Techno Beat

New county I.T. director plans big advances, leaves behind controversial legacy.

With shades drawn, the 911 dispatch center in Salinas is a dimly lit room save for the glow of computer monitors mapping as many as 3,000 calls a day. 


With a $12 million upgrade to the public safety radio system underway, Monterey County’s new director of information technology has her work cut out for her. But the precise role I.T. will play in maintaining the new infrastructure once it’s up and running in 2013 is still uncertain. 


“That’s a question that we are just starting to get our arms around,” County Emergency Dispatch Chief Lynn Diebold says.


I.T. Director Dianah Neff’s first day on the job was Jan. 17, less than two months after Diebold submitted a waiver request to the Federal Communications Commission. Diebold is asking for a six-month extension on the federally mandated Jan. 1, 2013 deadline to reduce the bandwidth taken up by emergency communications. 


Supporting the next generation of emergency dispatch, or Next Gen, will be one of Neff’s highest priorities, County Administrative Officer Lew Bauman says. 


The decade-old FCC mandate has become mired in market realities, as government bandwidth hasn’t yielded hoped-for revenues. But Neff has already faced the economic constraints of I.T. ideals. 


During her five-year tenure in Philadelphia, Neff hoped to make it America’s first city with wireless Internet access everywhere. “Economically, the model collapsed,” Neff says of the initiative, which has since been abandoned. 

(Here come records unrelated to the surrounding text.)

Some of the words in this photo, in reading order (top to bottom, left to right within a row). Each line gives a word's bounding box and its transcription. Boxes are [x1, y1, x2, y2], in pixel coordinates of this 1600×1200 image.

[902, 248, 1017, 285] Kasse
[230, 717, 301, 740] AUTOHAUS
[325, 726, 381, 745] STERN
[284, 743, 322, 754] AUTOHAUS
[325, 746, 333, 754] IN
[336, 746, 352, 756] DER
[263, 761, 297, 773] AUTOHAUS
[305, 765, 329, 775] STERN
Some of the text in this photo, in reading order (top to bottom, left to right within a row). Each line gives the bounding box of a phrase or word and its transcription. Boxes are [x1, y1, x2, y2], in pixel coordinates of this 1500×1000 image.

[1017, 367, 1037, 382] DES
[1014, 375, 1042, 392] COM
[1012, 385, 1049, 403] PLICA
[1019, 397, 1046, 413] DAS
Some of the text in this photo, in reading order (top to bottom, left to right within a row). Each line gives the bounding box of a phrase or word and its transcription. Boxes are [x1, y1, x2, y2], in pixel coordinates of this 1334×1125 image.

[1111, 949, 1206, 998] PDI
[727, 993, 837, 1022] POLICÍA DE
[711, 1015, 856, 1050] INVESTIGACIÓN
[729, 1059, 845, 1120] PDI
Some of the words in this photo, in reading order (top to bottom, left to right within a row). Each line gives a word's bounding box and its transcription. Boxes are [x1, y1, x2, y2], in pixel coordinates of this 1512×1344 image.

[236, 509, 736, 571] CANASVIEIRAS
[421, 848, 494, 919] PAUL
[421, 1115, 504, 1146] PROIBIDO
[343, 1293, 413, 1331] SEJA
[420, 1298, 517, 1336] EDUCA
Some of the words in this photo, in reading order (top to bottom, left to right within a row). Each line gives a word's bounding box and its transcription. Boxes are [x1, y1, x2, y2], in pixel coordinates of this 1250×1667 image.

Still, she’s proud of her accomplishments in forcing private providers to expand the range of service to low-income neighborhoods. “Would I take on that project today? No,” she says. “At that time, digital divide was the driver.” 


After Neff left her Philadelphia post in 2006 to work for Atlanta-based Civitium, LLC—a company to which she’d directed five no-bid city contracts, totaling about $500,000—the Pennsylvania Ethics Commission investigated. The commission eventually absolved her of alleged conflict of interest, but found two unintentional violations of failure to disclose trip expenses and gave her a $500 fine. 


“It’s not uncommon,” Neff says of the probe. “Philadelphia’s an extremely political city.” 


After three years as a private consultant, Neff returns to the public sector at a $168,000 annual salary. “We did a thorough background check and there wasn’t any concern,” Bauman says. 


Neff says she’s still passionate about wireless access, but it’s unlikely she’ll pursue an Internet-everywhere initiative in Monterey County. “We have 3,000 square miles of jurisdiction. We’re in a very different environment [than Philadelphia],” Bauman says.


Instead, Neff’s 118-person department is mostly an internal service operation for the county’s 4,000 computers. Neff and Bauman plan to virtualize the county's computing system, which Neff says could halve the cost of a desktop work system and double its life expectancy. But getting there could cost as much as $1 million up front—which would require a funding source outside of her $2 million annual operating budget. 


Neff hopes even on a tight budget, she’ll be able to cut costs by shifting I.T.’s focus from dealing with repairs to building more efficient systems from the ground up. 


“We don’t have the money to be able to do technology for technology’s sake,” she says, “but [virtualization] helps us reduce costs.”